MATERIAL TO PROCESS: Begin
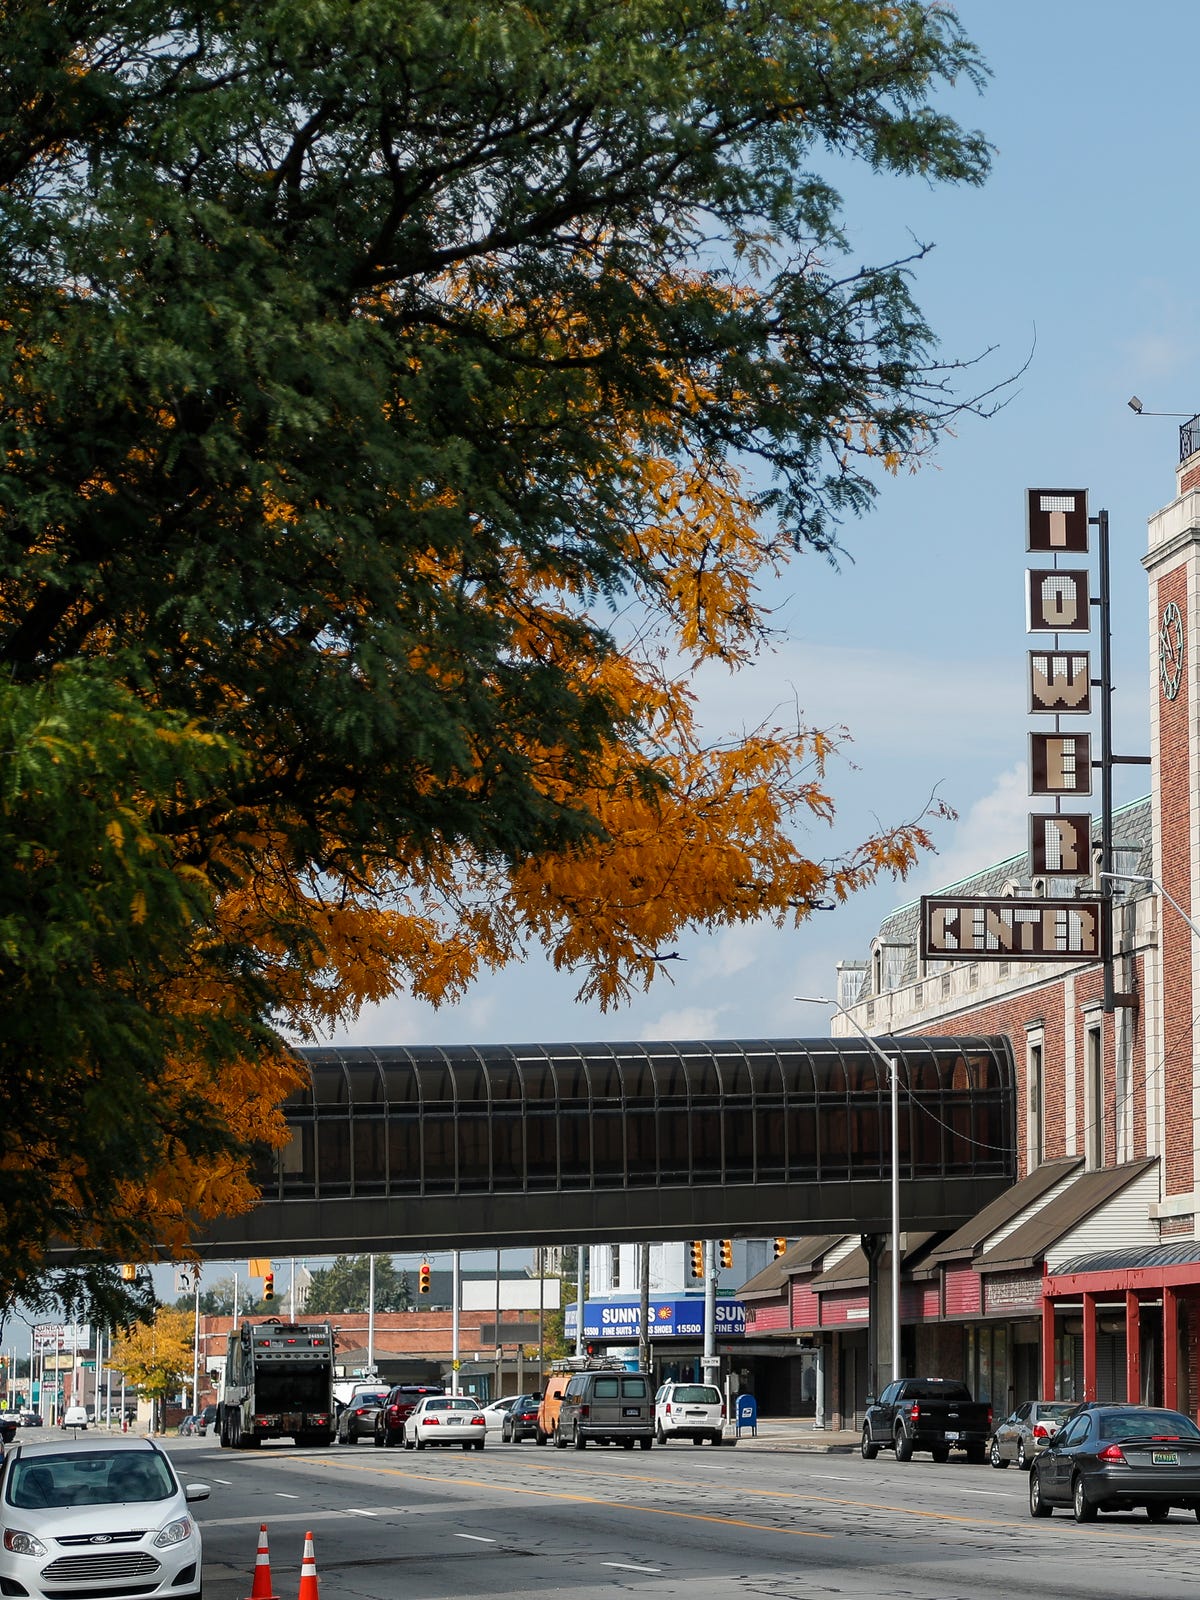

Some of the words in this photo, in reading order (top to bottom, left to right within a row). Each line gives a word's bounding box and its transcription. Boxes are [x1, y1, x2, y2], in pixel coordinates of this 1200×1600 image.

[1031, 495, 1089, 870] TOWER
[931, 907, 1095, 951] CENTER
[583, 1327, 599, 1336] 15500
[602, 1326, 615, 1336] FINE
[615, 1325, 632, 1336] SUITS
[654, 1325, 673, 1334] SHOES
[676, 1324, 701, 1333] 15500
[714, 1324, 732, 1332] FINE
[602, 1306, 656, 1324] SUNNYS
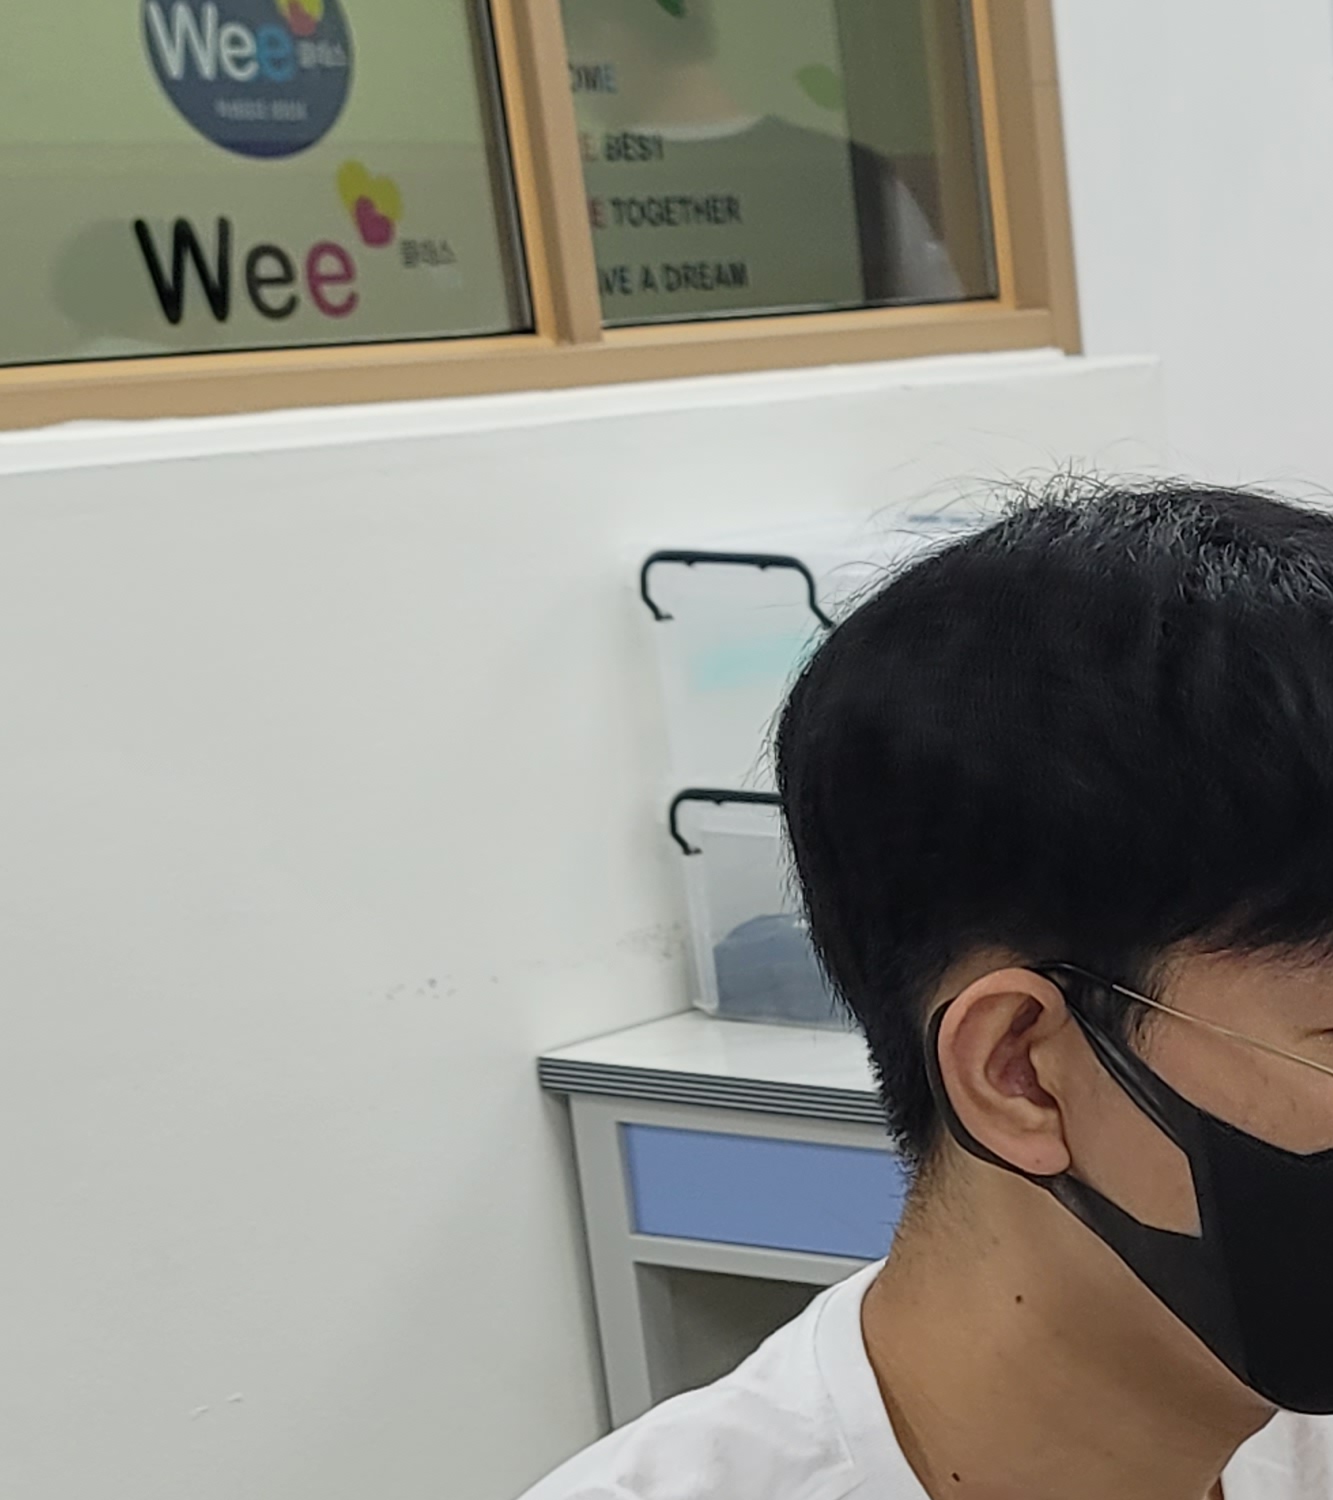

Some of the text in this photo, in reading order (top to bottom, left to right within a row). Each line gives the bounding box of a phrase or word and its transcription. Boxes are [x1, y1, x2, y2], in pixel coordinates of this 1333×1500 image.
MATERIAL TO PROCESS: End
**DIRECTIONS FOR THIS TASK:** An exact transcription of the records above is needed, with no pictures included.

**RESULT BELOW:**
Some of the words in this photo, in reading order (top to bottom, left to right within a row). Each line gives a word's bounding box and its transcription. Boxes are [x1, y1, x2, y2], in pixel coordinates of this 1200×1600 image.

[1031, 495, 1089, 870] TOWER
[931, 907, 1095, 951] CENTER
[583, 1327, 599, 1336] 15500
[602, 1326, 615, 1336] FINE
[615, 1325, 632, 1336] SUITS
[654, 1325, 673, 1334] SHOES
[676, 1324, 701, 1333] 15500
[714, 1324, 732, 1332] FINE
[602, 1306, 656, 1324] SUNNYS

Some of the text in this photo, in reading order (top to bottom, left to right within a row). Each line gives the bounding box of a phrase or word and its transcription. Boxes are [x1, y1, x2, y2], in pixel coordinates of this 1333×1500 image.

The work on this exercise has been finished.